What Has ROE Got To Do With Earnings Growth?

We have already established that ROE serves as an efficient profit-generating gauge for a company's future earnings. We now need to evaluate how much profit the company reinvests or "retains" for future growth which then gives us an idea about the growth potential of the company. Generally speaking, other things being equal, firms with a high return on equity and profit retention, have a higher growth rate than firms that don’t share these attributes.

A Side By Side comparison of Diodes' Earnings Growth And 3.5% ROE

As you can see, Diodes' ROE looks pretty weak. Not just that, even compared to the industry average of 11%, the company's ROE is entirely unremarkable. Although, we can see that Diodes saw a modest net income growth of 9.4% over the past five years. We reckon that there could be other factors at play here. Such as - high earnings retention or an efficient management in place.

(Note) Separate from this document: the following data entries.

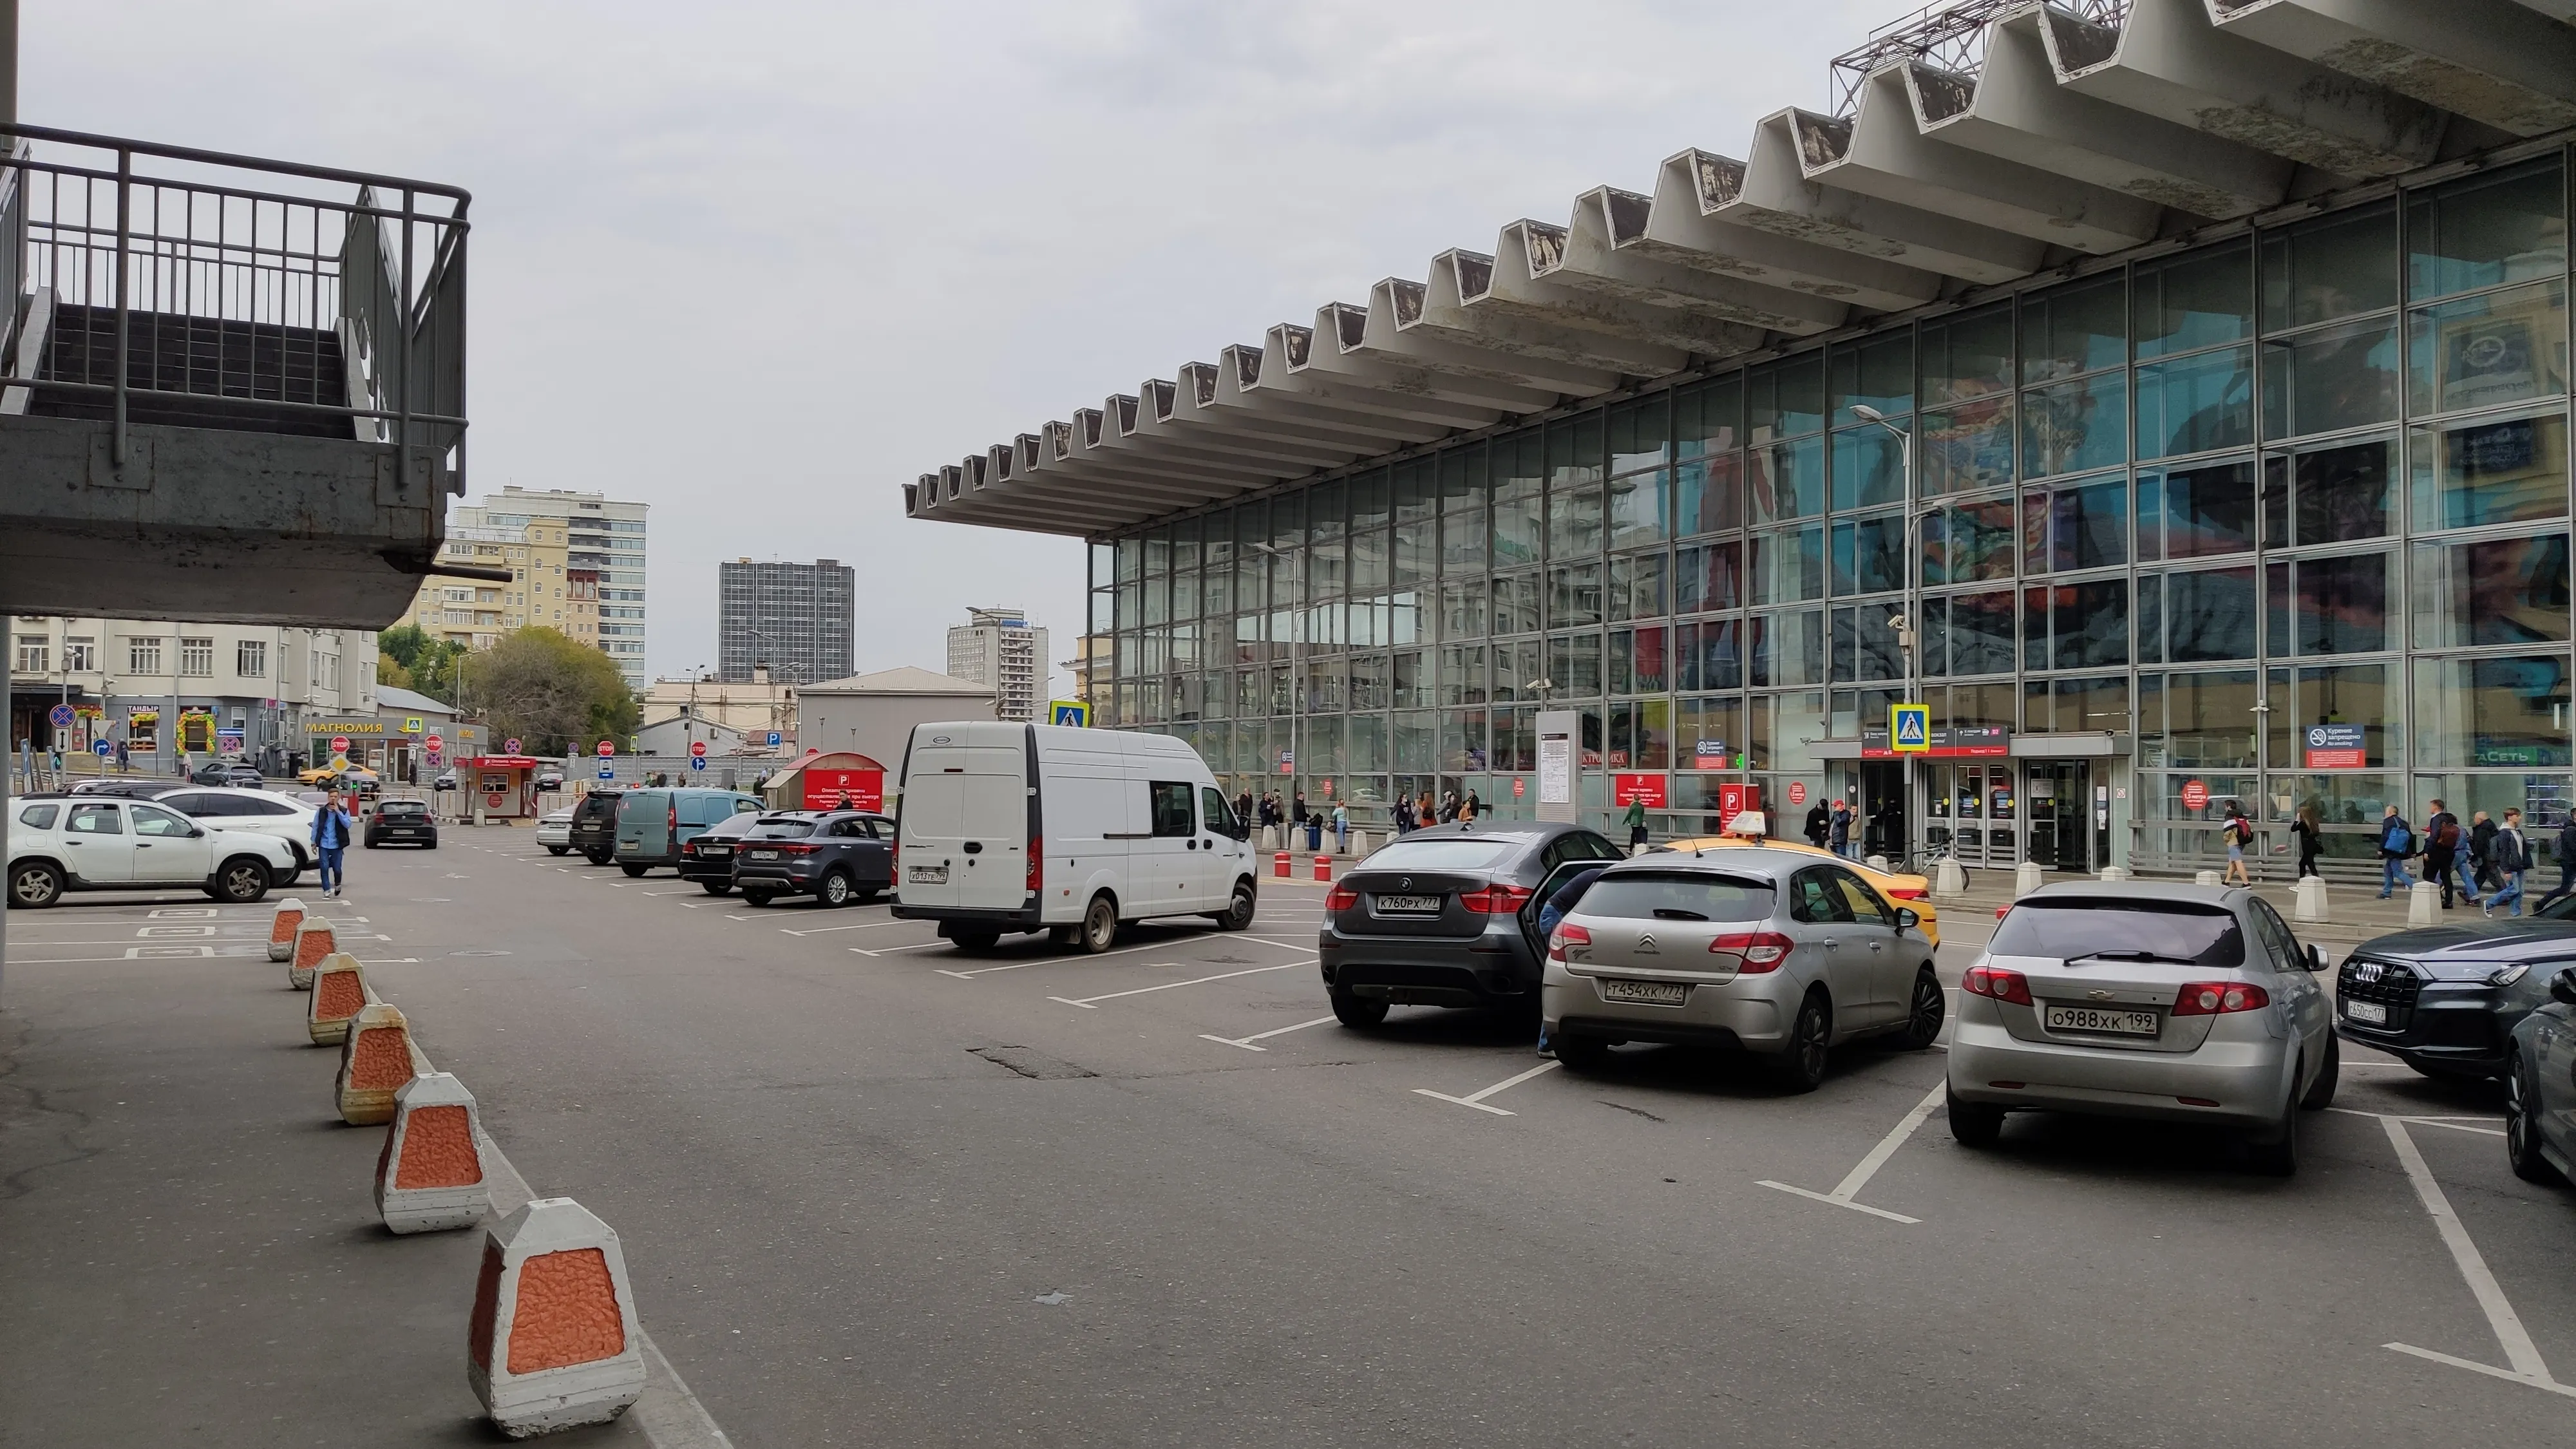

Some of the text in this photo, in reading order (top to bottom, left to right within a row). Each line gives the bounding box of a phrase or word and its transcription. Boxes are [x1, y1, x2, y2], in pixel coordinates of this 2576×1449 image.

[305, 723, 383, 732] МАГНОЛИЯ
[770, 734, 777, 744] P
[1583, 753, 1624, 763] КТРОИКА
[1728, 795, 1736, 808] P
[911, 872, 934, 880] Х013ТЕ
[1381, 897, 1437, 908] К760РХ 777
[1611, 983, 1680, 998] Т454ХК 777
[2350, 1003, 2384, 1019] С650СС 177
[2053, 1010, 2152, 1030] О988ХК 199
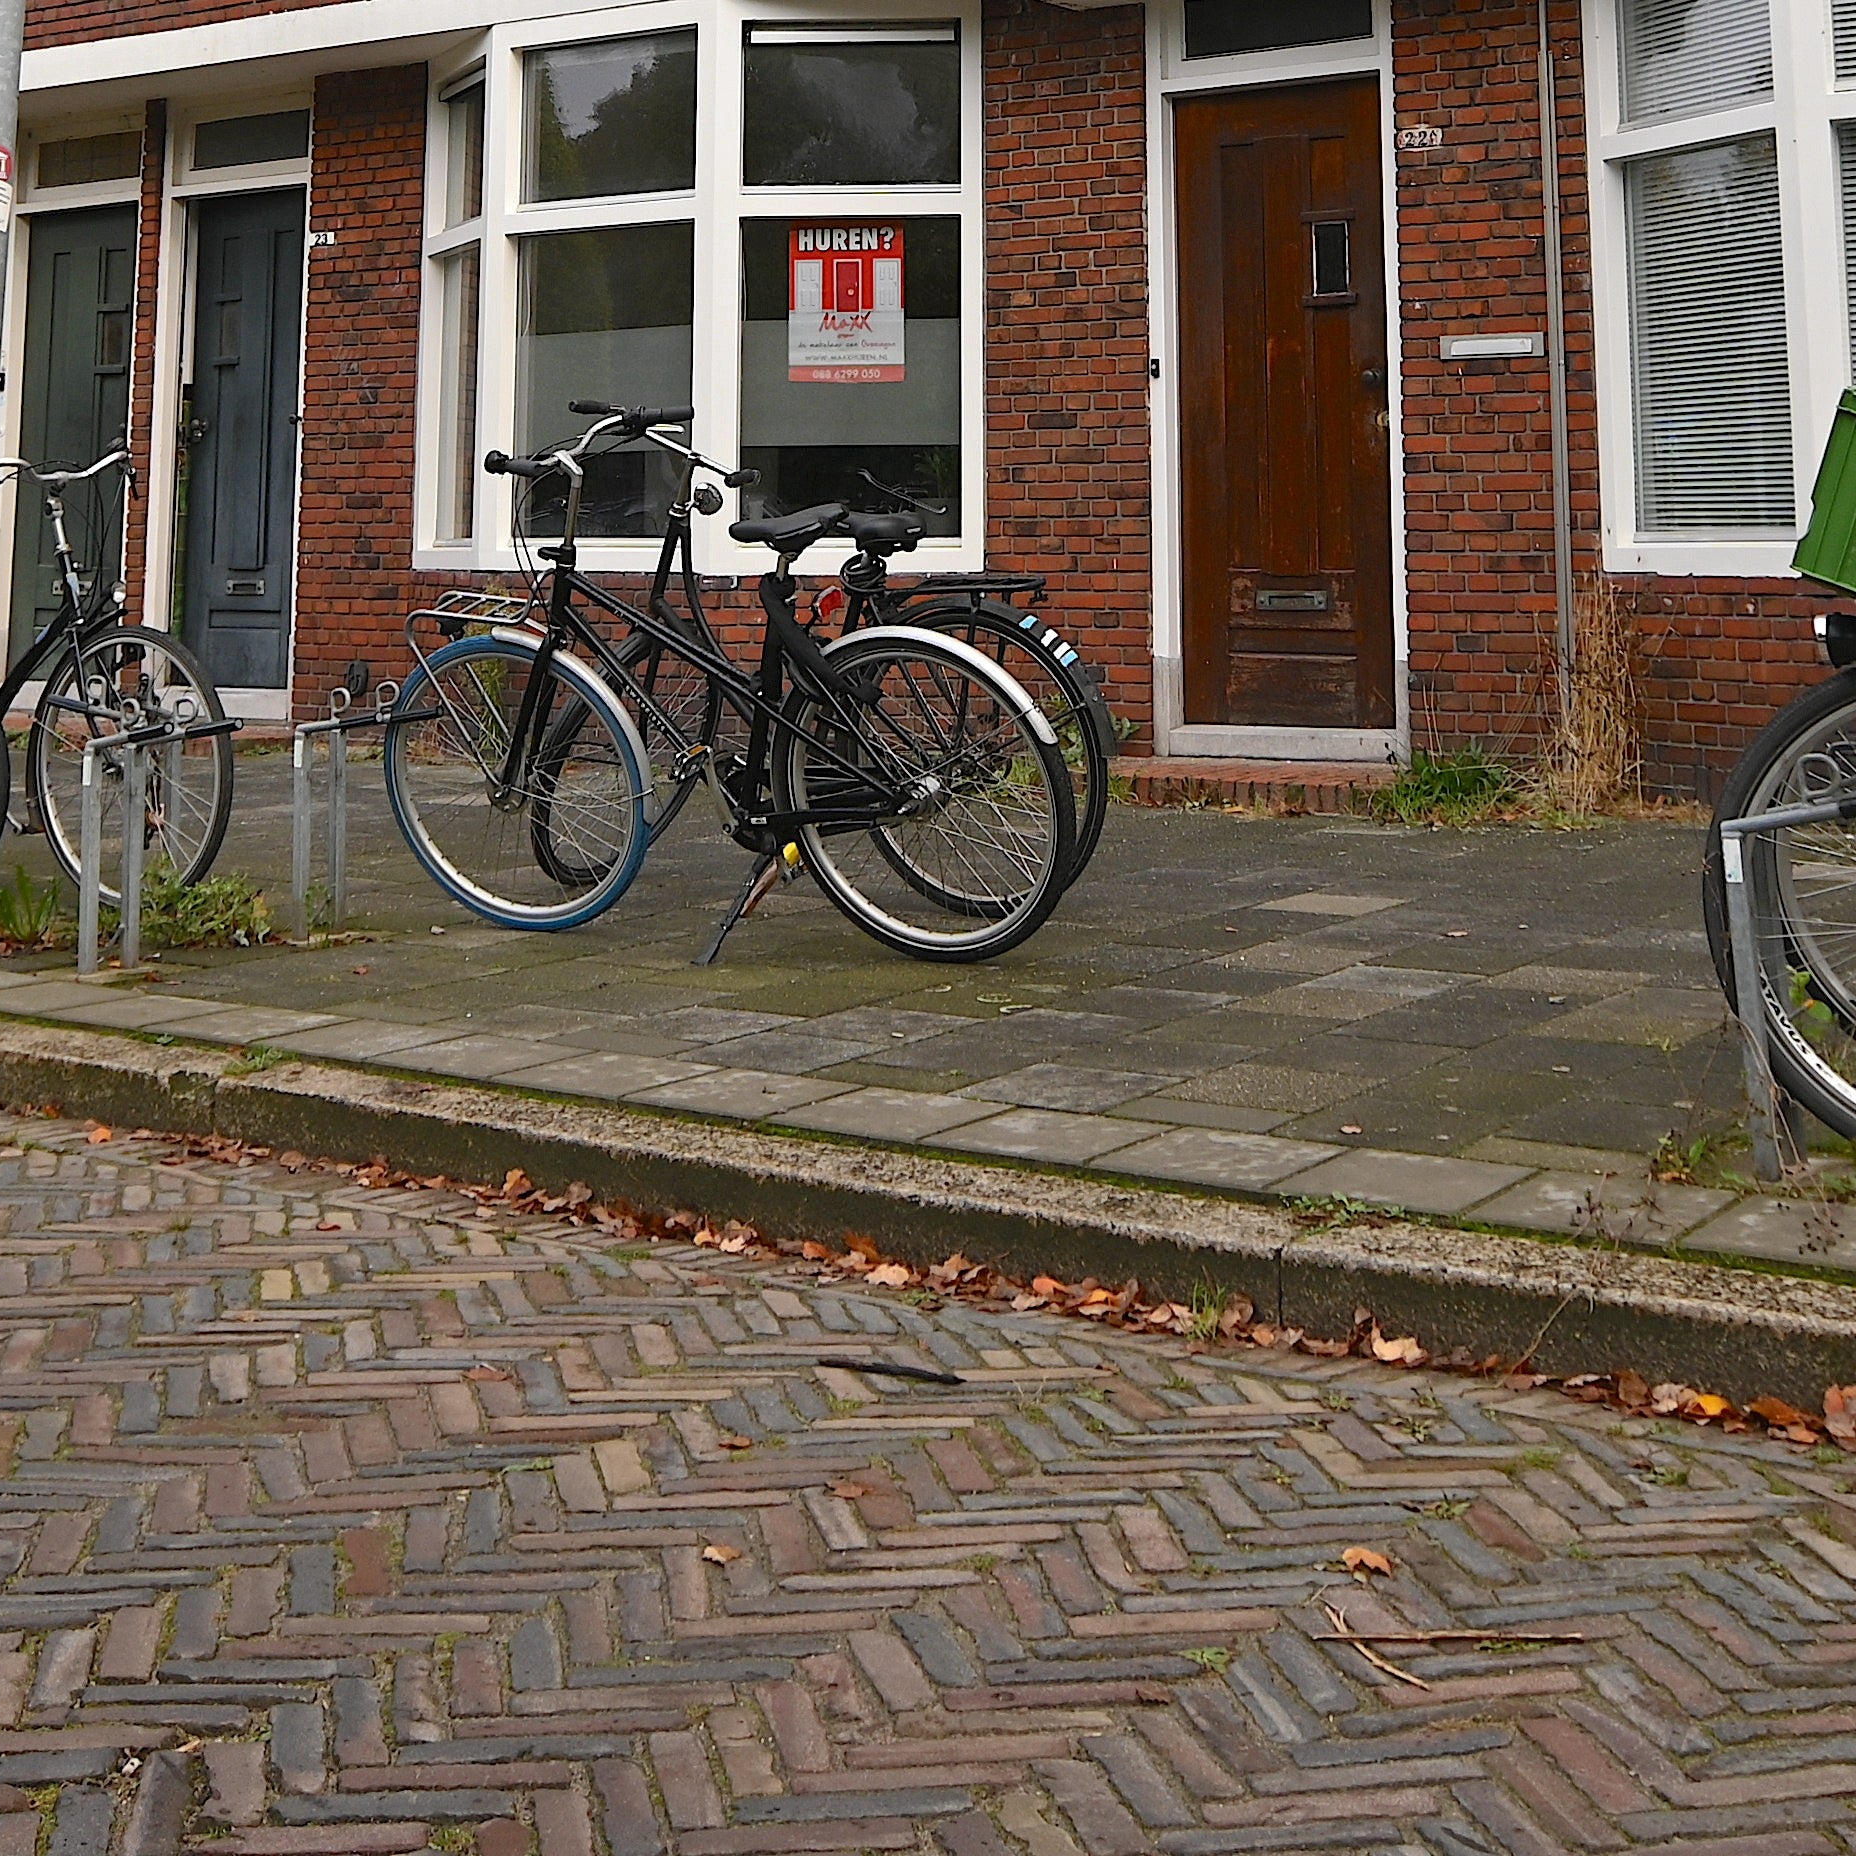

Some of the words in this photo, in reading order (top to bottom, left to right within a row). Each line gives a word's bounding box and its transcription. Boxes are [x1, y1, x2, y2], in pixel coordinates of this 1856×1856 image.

[315, 233, 328, 246] 23
[797, 226, 895, 252] HUREN?
[834, 369, 859, 379] 6299
[861, 369, 881, 379] 050

As a next step, we compared Diodes' net income growth with the industry and were disappointed to see that the company's growth is lower than the industry average growth of 18% in the same period.

past-earnings-growth
NasdaqGS:DIOD Past Earnings Growth February 6th 2025

Earnings growth is a huge factor in stock valuation. The investor should try to establish if the expected growth or decline in earnings, whichever the case may be, is priced in. Doing so will help them establish if the stock's future looks promising or ominous. One good indicator of expected earnings growth is the P/E ratio which determines the price the market is willing to pay for a stock based on its earnings prospects. So, you may want to check if Diodes is trading on a high P/E or a low P/E, relative to its industry.